## Dataset records:
•••

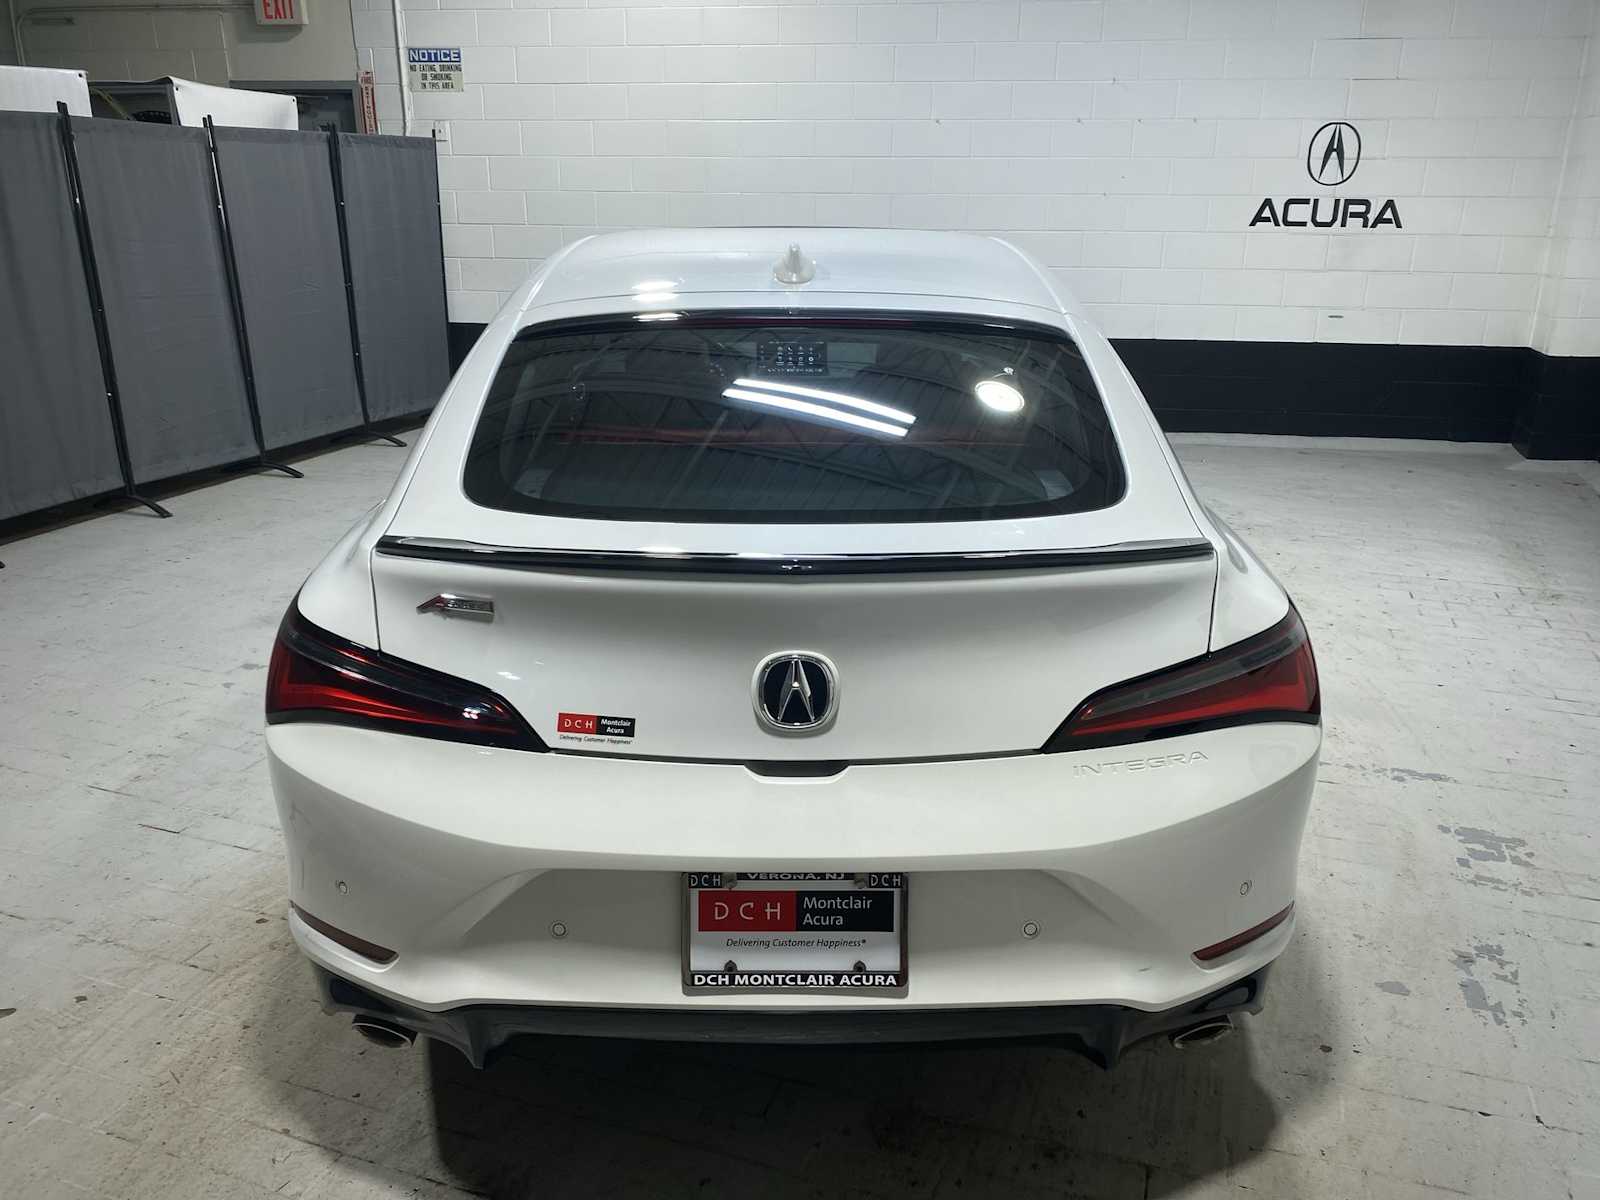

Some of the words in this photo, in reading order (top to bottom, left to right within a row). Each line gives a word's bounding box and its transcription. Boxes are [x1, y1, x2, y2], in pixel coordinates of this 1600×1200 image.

[409, 49, 461, 61] NOTICE
[410, 64, 417, 72] NO
[1249, 198, 1402, 228] ACURA
[600, 718, 632, 727] Montclair
[1072, 751, 1209, 778] INTEGRA
[690, 874, 721, 887] DCH
[870, 874, 901, 887] DCH
[802, 897, 873, 909] Montclair
[714, 902, 781, 921] DCH
[802, 913, 844, 926] Acura
[726, 938, 770, 949] Delivering
[772, 938, 815, 947] Customer
[693, 974, 729, 986] DCH
[734, 974, 834, 986] MONTCLAIR
[839, 974, 897, 986] ACURA
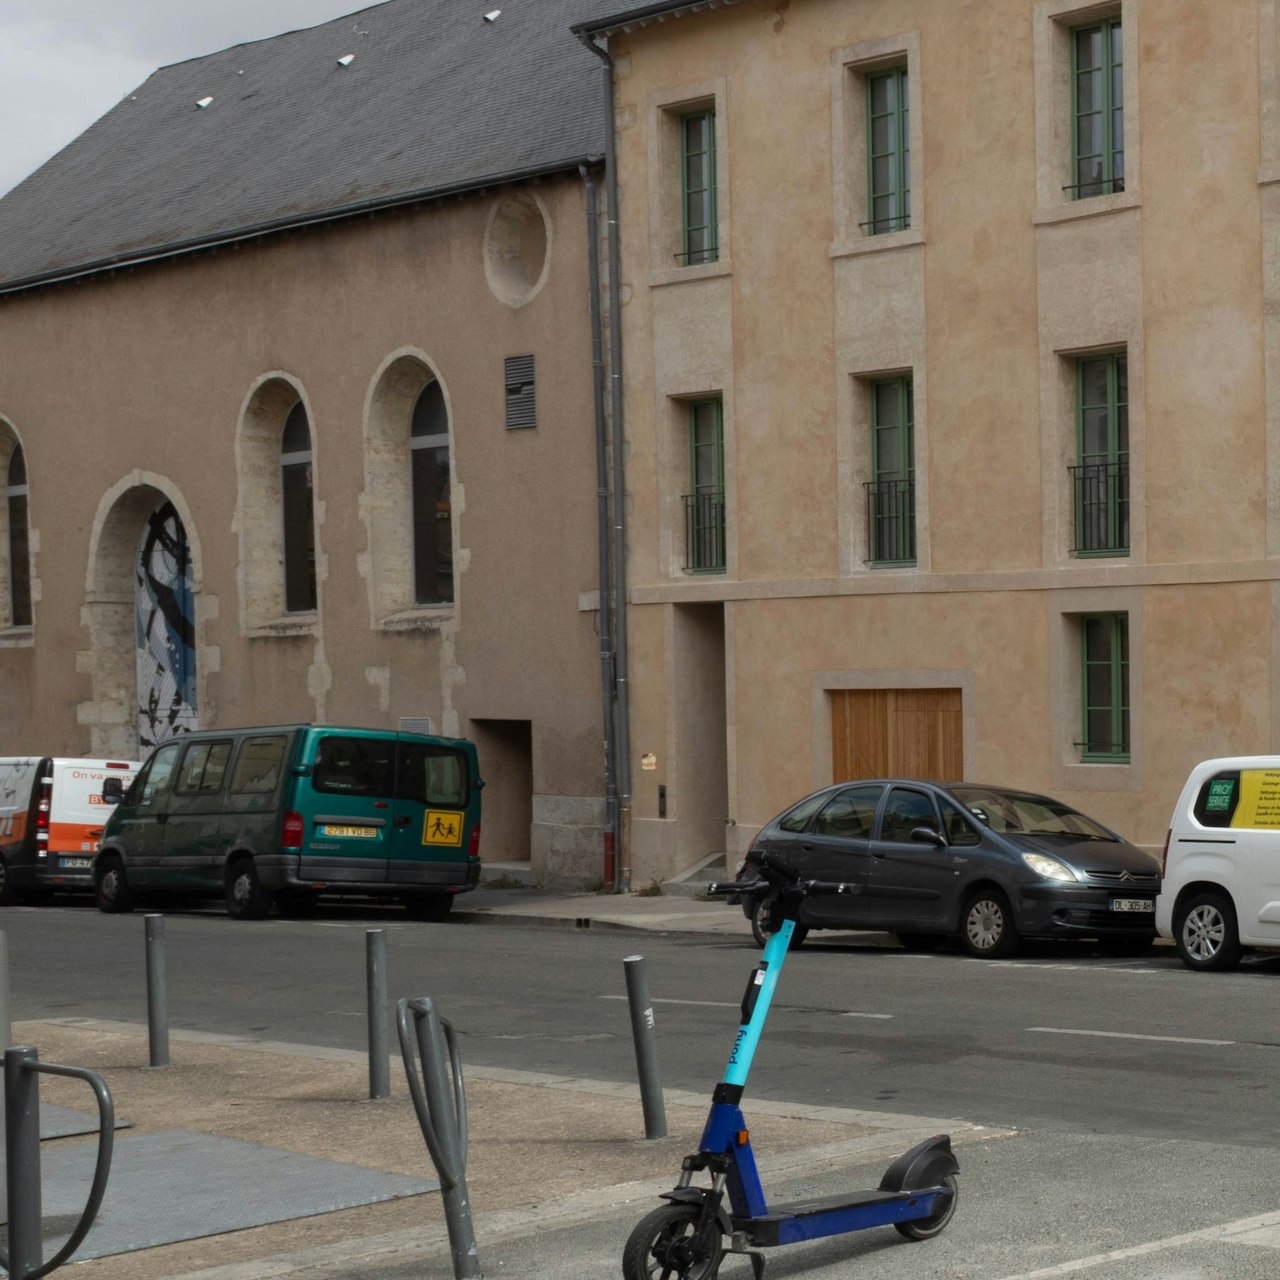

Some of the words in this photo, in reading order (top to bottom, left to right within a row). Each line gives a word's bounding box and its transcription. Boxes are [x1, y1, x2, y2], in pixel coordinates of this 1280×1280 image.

[72, 771, 87, 779] On
[1207, 795, 1230, 807] SERVICE
[728, 1029, 747, 1065] pony
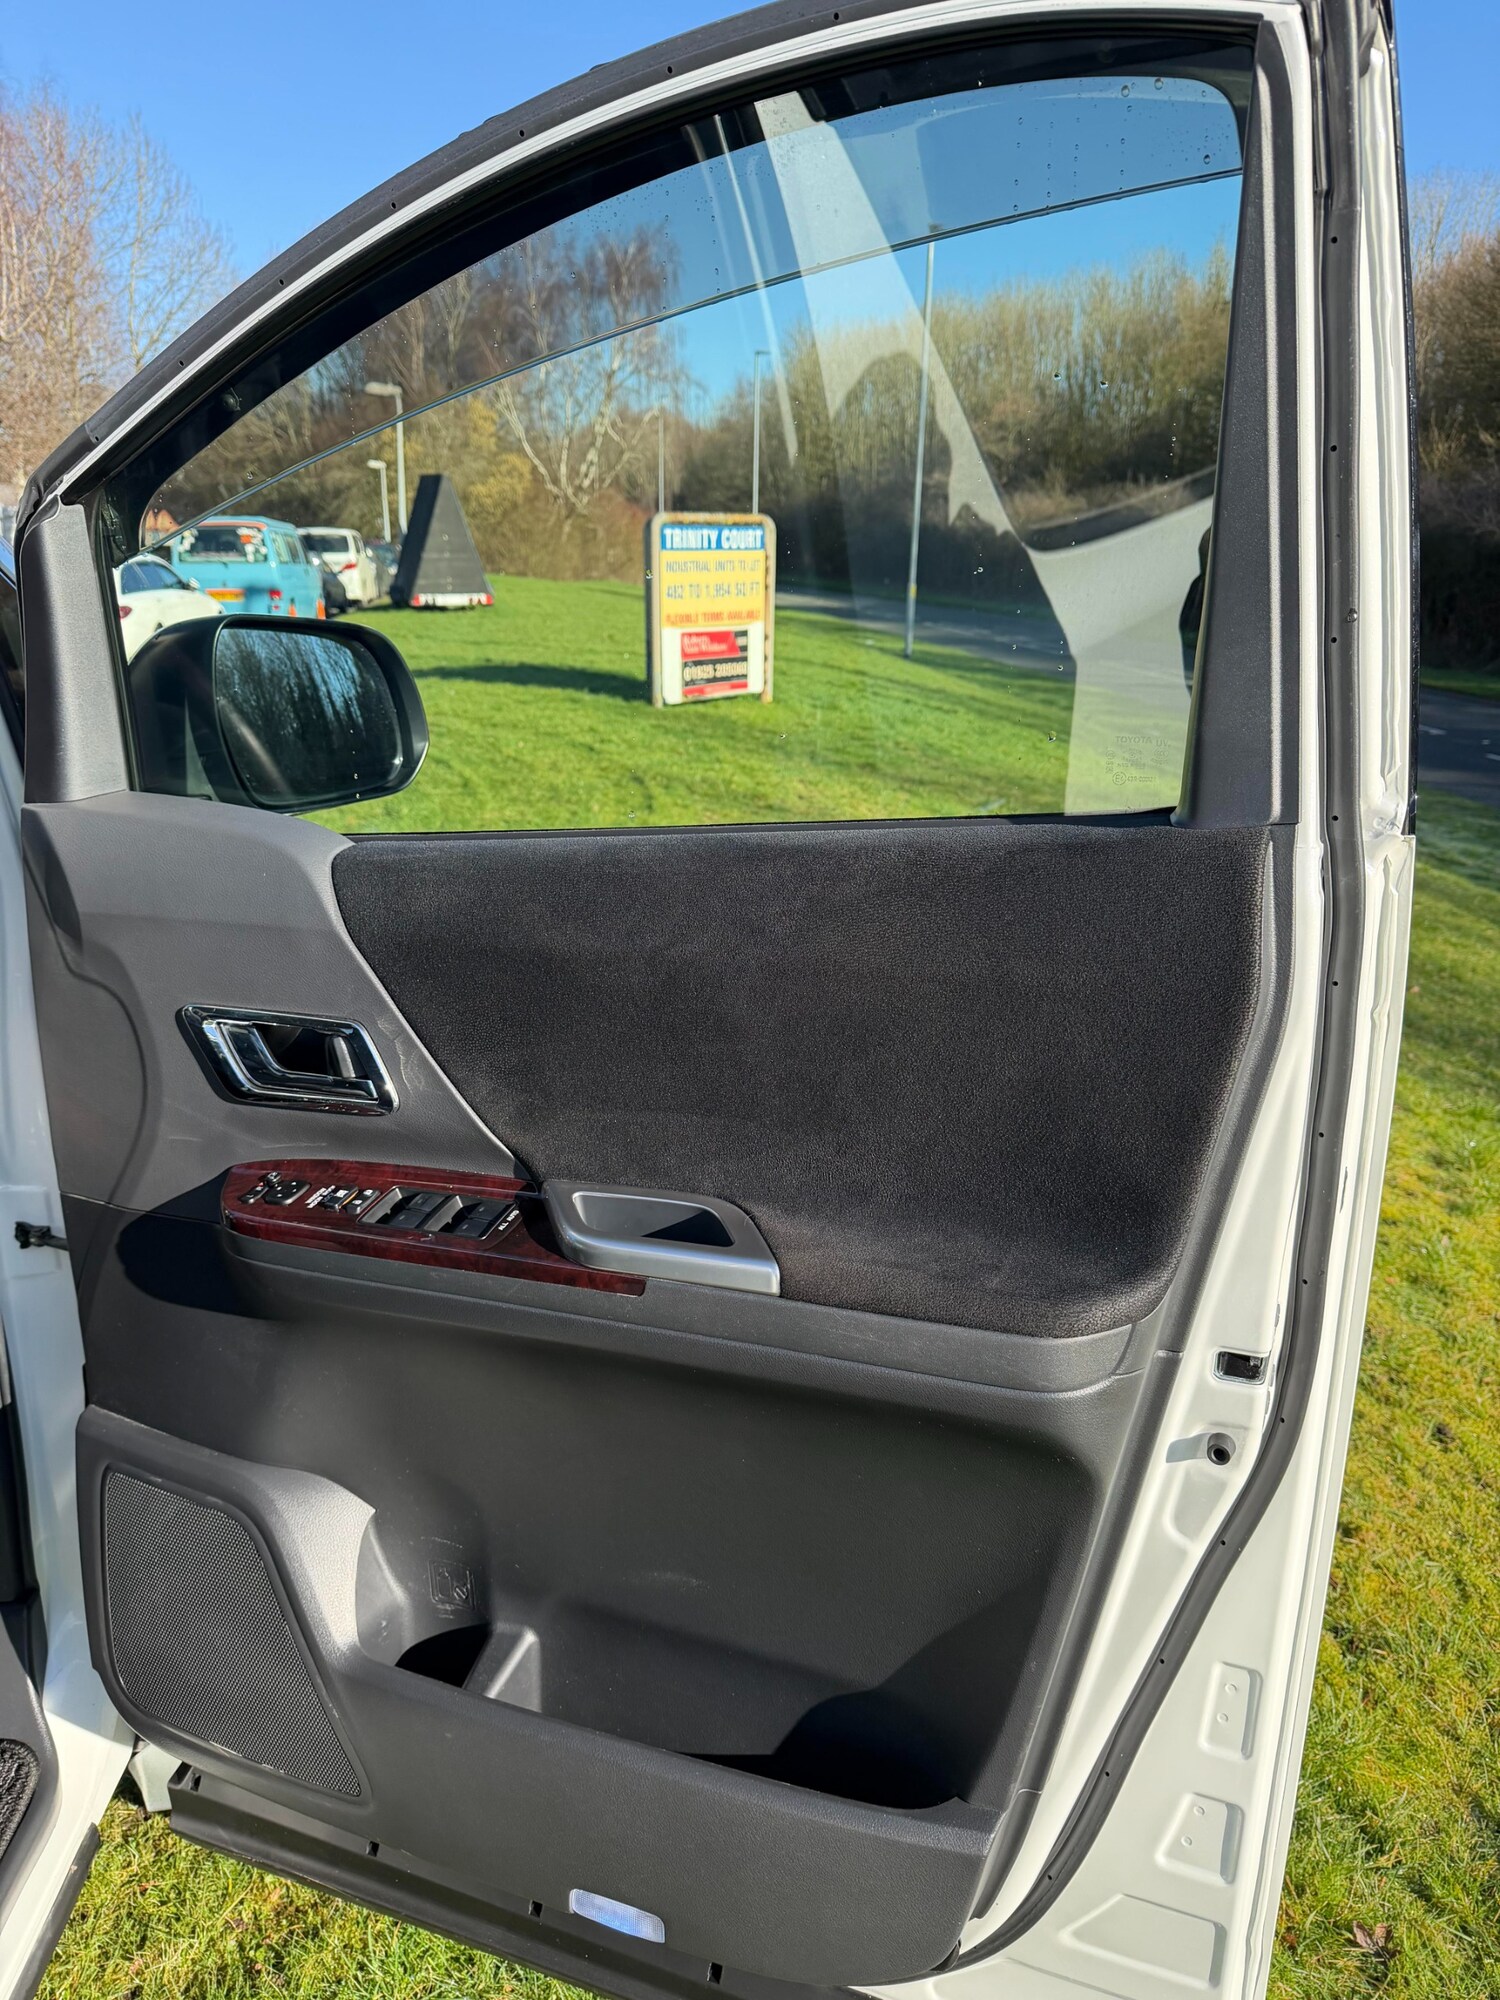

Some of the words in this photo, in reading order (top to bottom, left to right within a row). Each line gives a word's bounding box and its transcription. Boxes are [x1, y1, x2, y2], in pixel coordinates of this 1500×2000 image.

[664, 528, 718, 549] TRINITY
[721, 528, 763, 549] COURT
[1115, 735, 1153, 744] TOYOTA

•••

## What to work on:
Set down each entry again exactly as written. Pictures stay out.

## Solution for this problem:
Some of the words in this photo, in reading order (top to bottom, left to right within a row). Each line gives a word's bounding box and its transcription. Boxes are [x1, y1, x2, y2], in pixel coordinates of this 1600×1200 image.

[409, 49, 461, 61] NOTICE
[410, 64, 417, 72] NO
[1249, 198, 1402, 228] ACURA
[600, 718, 632, 727] Montclair
[1072, 751, 1209, 778] INTEGRA
[690, 874, 721, 887] DCH
[870, 874, 901, 887] DCH
[802, 897, 873, 909] Montclair
[714, 902, 781, 921] DCH
[802, 913, 844, 926] Acura
[726, 938, 770, 949] Delivering
[772, 938, 815, 947] Customer
[693, 974, 729, 986] DCH
[734, 974, 834, 986] MONTCLAIR
[839, 974, 897, 986] ACURA

Some of the words in this photo, in reading order (top to bottom, left to right within a row). Each line gives a word's bounding box and its transcription. Boxes are [x1, y1, x2, y2], in pixel coordinates of this 1280×1280 image.

[72, 771, 87, 779] On
[1207, 795, 1230, 807] SERVICE
[728, 1029, 747, 1065] pony

Some of the words in this photo, in reading order (top to bottom, left to right within a row). Each line gives a word's bounding box and its transcription. Boxes are [x1, y1, x2, y2], in pixel coordinates of this 1500×2000 image.

[664, 528, 718, 549] TRINITY
[721, 528, 763, 549] COURT
[1115, 735, 1153, 744] TOYOTA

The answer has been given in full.